Шрифт:
Интервал:
Закладка:
Смутный силуэт застыл у воды; некоторое время мужчина вглядывался в даль, затем наклонился и стал шарить на земле. Последовал новый всплеск, взрыв света, луна в воде разорвалась на кусочки — огненные хлопья разлетелись во все стороны. И тут же огоньки белыми птичками беспорядочно побежали по воде навстречу стерегущим их темным волнам. Те, которым удалось пробиться, искали прибежище на берегу, темные же волны устремились к середине пруда. Там, в самом центре, сверкало и колыхалось частично разрушенное лунное отражение — огненное пятно дрожало, яростно сопротивляясь распаду, и потому сохраняло свою целостность. Казалось, оно удерживает ее путем мучительных усилий. Отражение становилось все четче, оно восстанавливалось, вечная, незыблемая луна победила. Разлетевшийся по воде свет возвращался тонкими лучиками назад к возродившейся луне, она же покачивалась на воде с горделивым видом.

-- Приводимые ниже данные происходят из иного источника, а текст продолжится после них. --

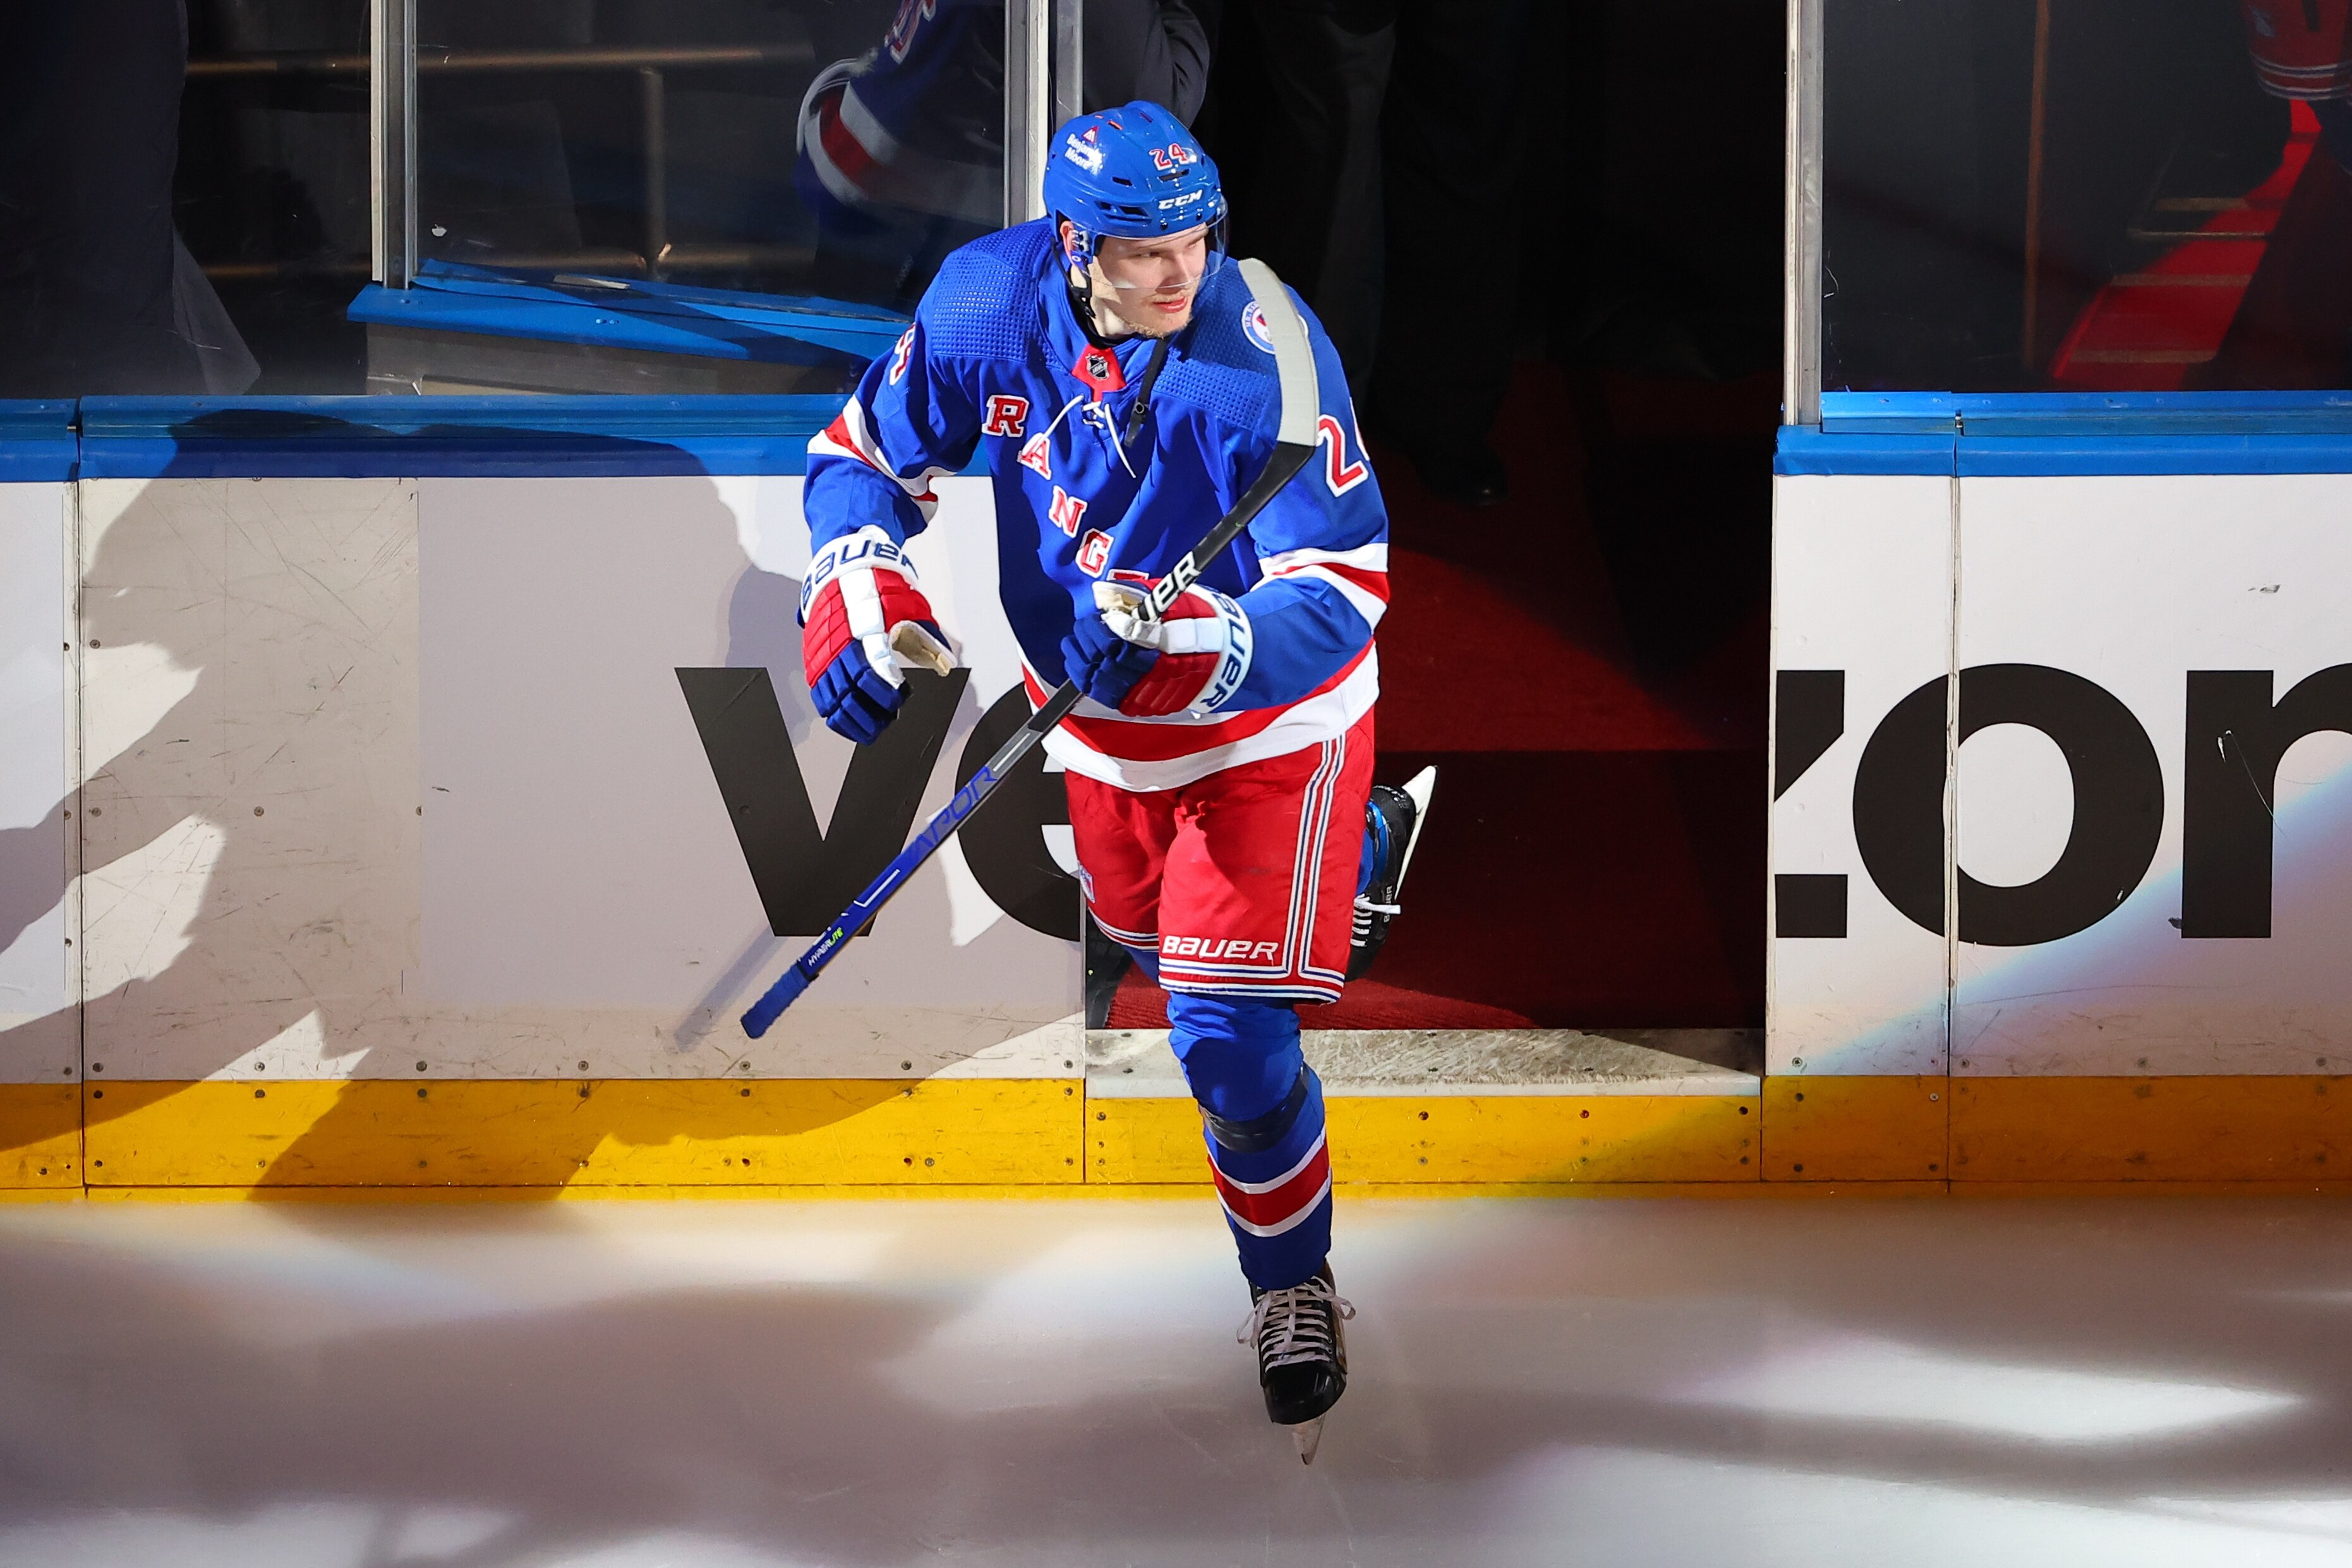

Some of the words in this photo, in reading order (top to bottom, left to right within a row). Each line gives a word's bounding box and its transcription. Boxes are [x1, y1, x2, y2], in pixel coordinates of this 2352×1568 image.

Беркин стоял и наблюдал, пока пруд не успокоился и луна не стала вновь безмятежно смотреться в него. Тогда с чувством удовлетворения он стал искать новые камни. Урсуле не надо было видеть Беркина, чтобы почувствовать его решимость. После очередного броска ее ослепили разорванные вспышки света, и почти сразу же полетел второй камень. Лунное отражение дрогнуло и разорвалось. Вспышки света огненными стрелами разлетелись в разные стороны, посредине воцарился мрак. Луна исчезла, оставив на поле сражения лишь отдельные пульсирующие блики и тени. Темные, мрачные волны колыхались на том месте, где раньше была луна, стирая даже память о ней. Светлые блики, словно яркие лепестки розы, разнесенные ветром, плясали на воде, не зная, куда устремиться на этот раз.
И все же они вновь упорно потянулись к центру, с завидным постоянством отыскивая путь на старое место. Беркин и Урсула были свидетелями того, как и на этот раз все успокоилось. Слышался только плеск набегавшей на берег воды. Беркин видел, как луна коварно восстанавливает свое отражение, видел, как сердцевина лунной розы крепко сбивается, притягивая к себе разбросанные лепестки, упорно возвращает их на прежнее место.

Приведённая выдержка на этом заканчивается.